11. TWO FACE made the contention that the six week period when the couple were apart was a sort of trial separation. Watts told his mistress they were separated and getting divorced. Shan’ann, her parents and his parents knew. There was also significant push back on this, with many people insisting that she was simply away on vacation and the marriage was still fine. It wasn’t. This aspect too was confirmed more by Cindy Watts than the trial coverage.

12.  TCRS also unambiguously called the plea deal here before anyone else, and on twitter called the plea deal about two minutes before it broke in the mainstream media [time is recorded in GMT not MST].

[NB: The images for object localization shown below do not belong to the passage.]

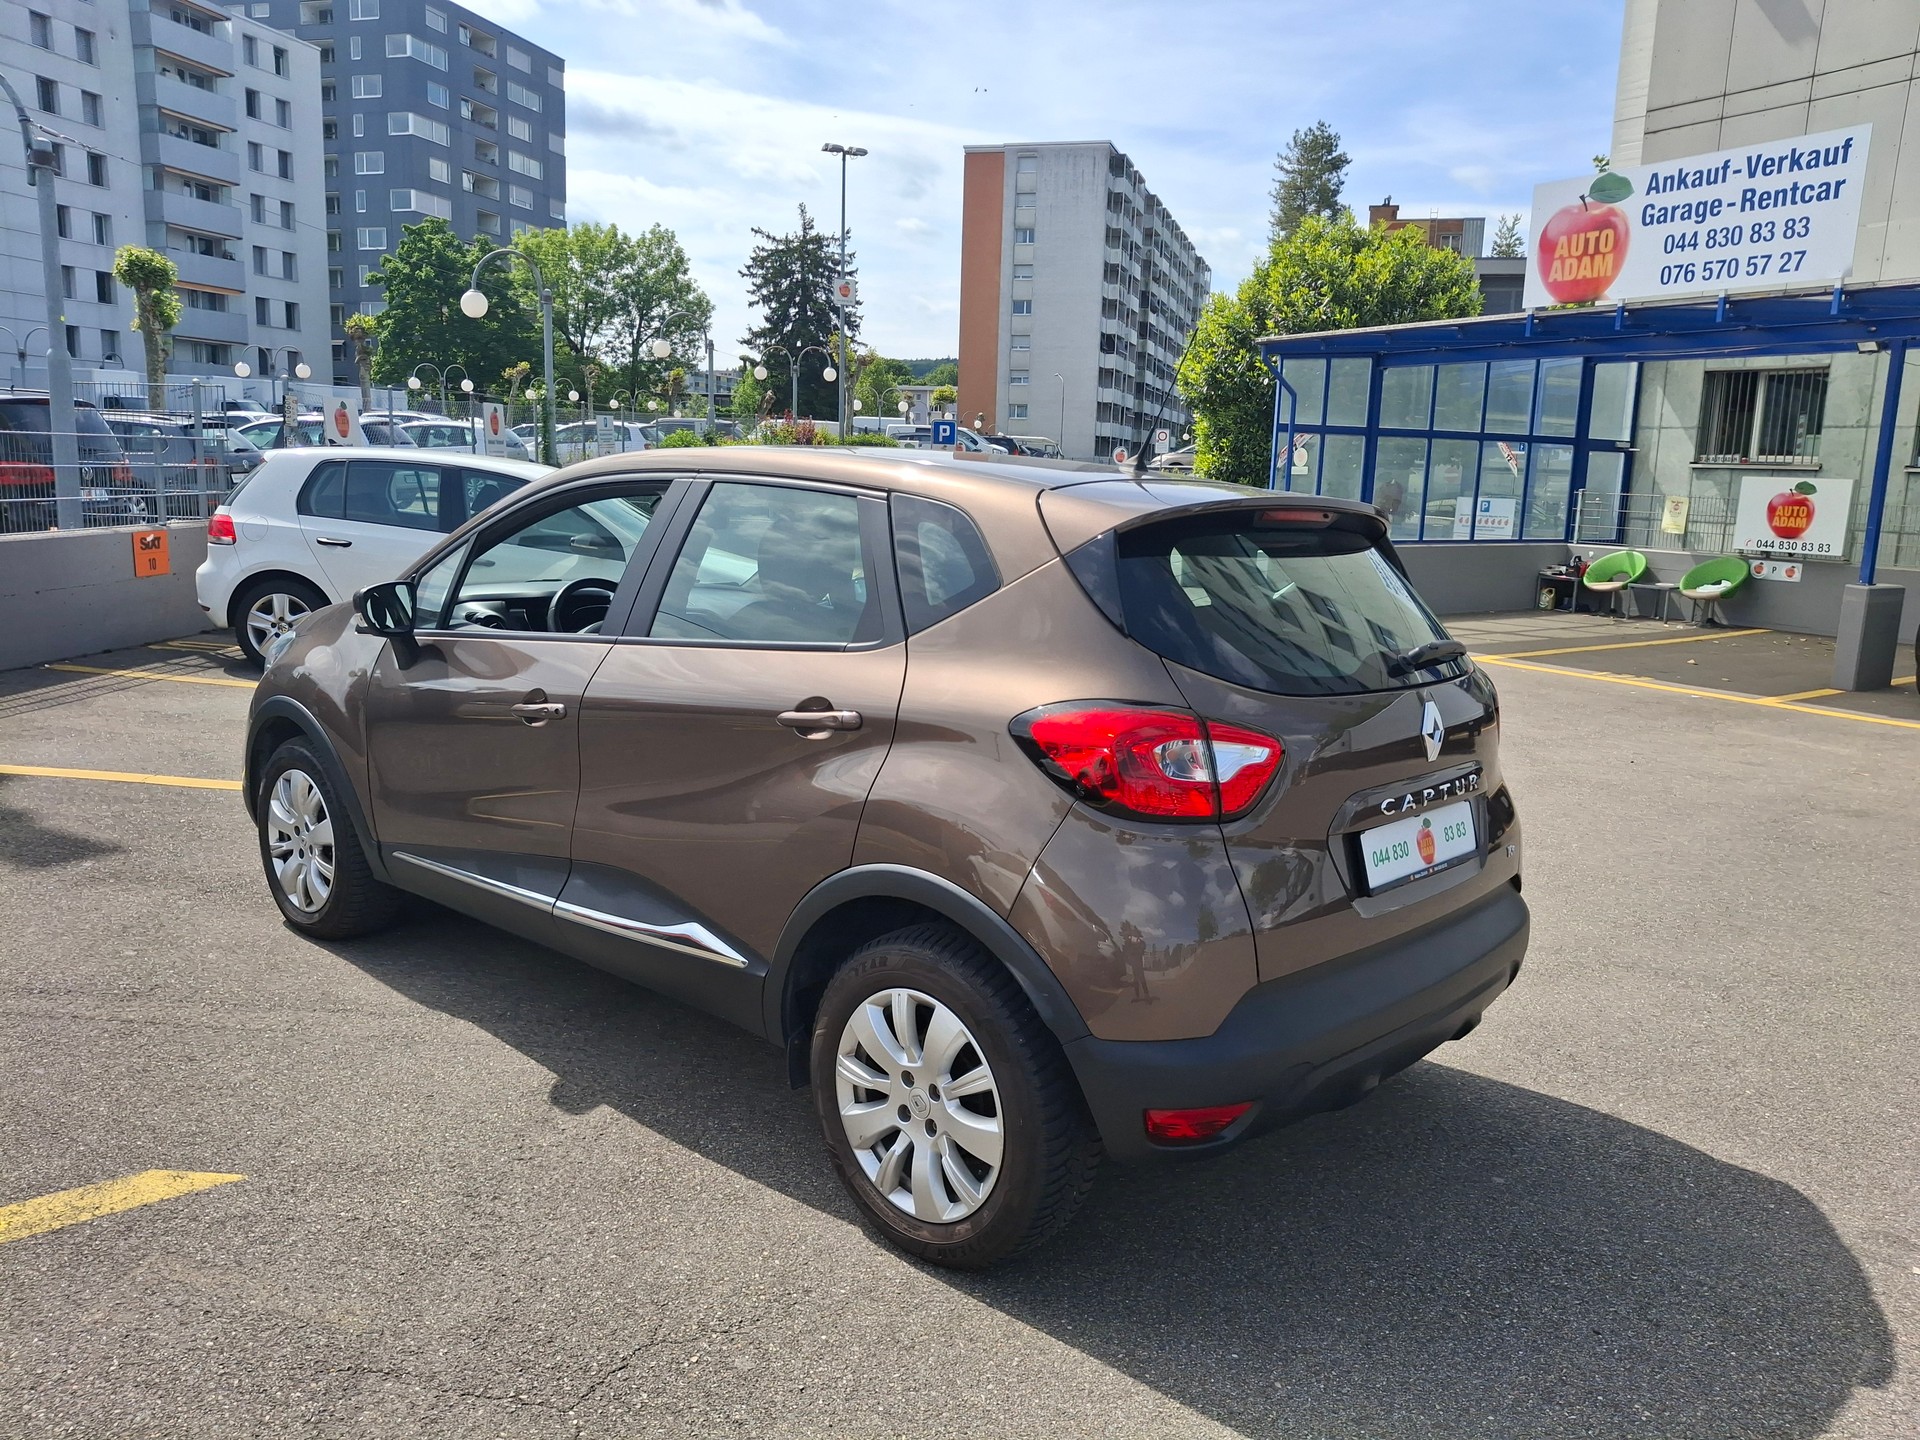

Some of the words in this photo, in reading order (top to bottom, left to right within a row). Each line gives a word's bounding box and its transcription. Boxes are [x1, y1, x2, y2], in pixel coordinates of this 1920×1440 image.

[1645, 137, 1853, 196] Ankauf-Verkauf
[1641, 178, 1847, 226] Garage-Rentcar
[1554, 228, 1614, 258] AUTO
[1664, 231, 1699, 254] 044
[1705, 225, 1743, 250] 830
[1749, 220, 1775, 244] 83
[1782, 216, 1811, 239] 83
[1548, 254, 1613, 283] ADAM
[1660, 262, 1696, 286] 076
[1701, 258, 1739, 282] 570
[1745, 254, 1773, 277] 57
[1779, 250, 1807, 274] 27
[939, 425, 951, 442] P
[1481, 502, 1489, 511] P
[1776, 505, 1808, 517] AUTO
[1772, 516, 1807, 528] ADAM
[1756, 539, 1775, 549] 044
[1778, 541, 1798, 551] 830
[1801, 542, 1814, 552] 83
[1817, 543, 1831, 553] 83
[148, 557, 157, 570] 10
[1772, 566, 1777, 574] P
[1381, 774, 1479, 816] CAPTUR
[1443, 824, 1455, 842] 83
[1456, 821, 1467, 839] 83
[1372, 847, 1391, 868] 044
[1392, 840, 1410, 861] 830
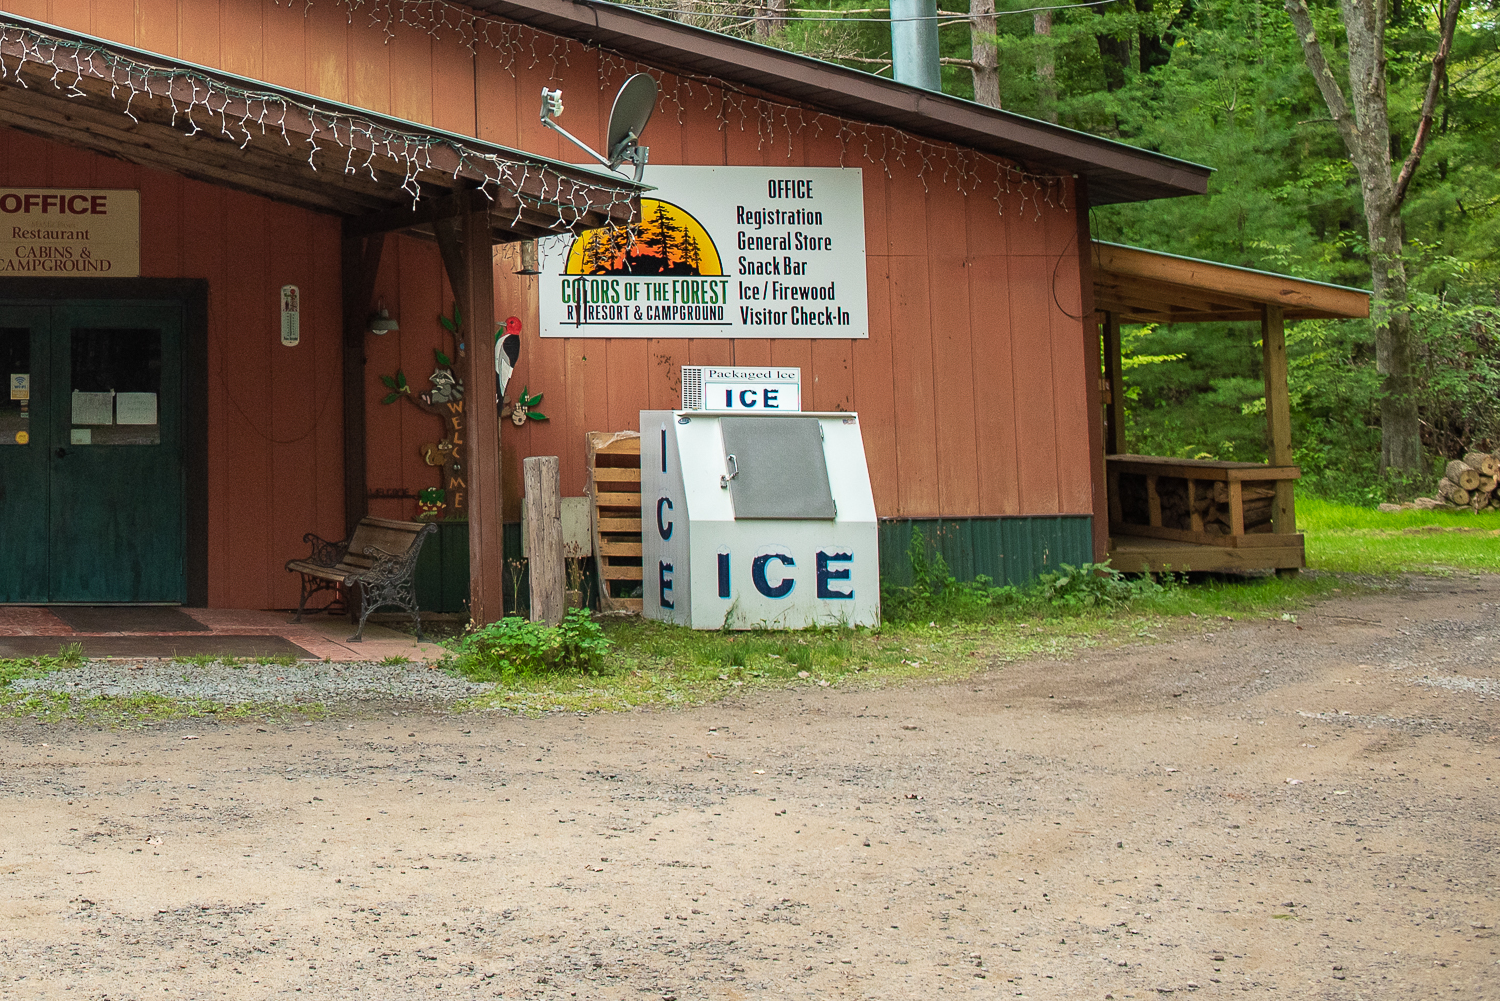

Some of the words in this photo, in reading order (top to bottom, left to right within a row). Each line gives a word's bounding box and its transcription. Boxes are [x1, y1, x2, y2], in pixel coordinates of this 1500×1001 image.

TCRS breaks plea deal story first

Anything else TWO FACE and these blogs got right?


I don’t want to deal with what the District Attorney got wrong, but their assessment that Chris Watts’ finances were an issue just as they are for any other couple simply doesn’t wash.

The fact that he called a realtor hours after dumping the bodies of his wife and children isn’t just a sign of Watts’ monstrous and reckless inhumanity, it’s also a sign of the debt monster that was breathing down his neck. The fact that the District Attorney is so blasé about the family debt is a massive miss in my view.

Another aspect that TCRS disagrees with: the District Attorney believes Shan’ann came home and there was an emotional conversation in the night or early morning [that no one heard] immediately prior to the murder/s.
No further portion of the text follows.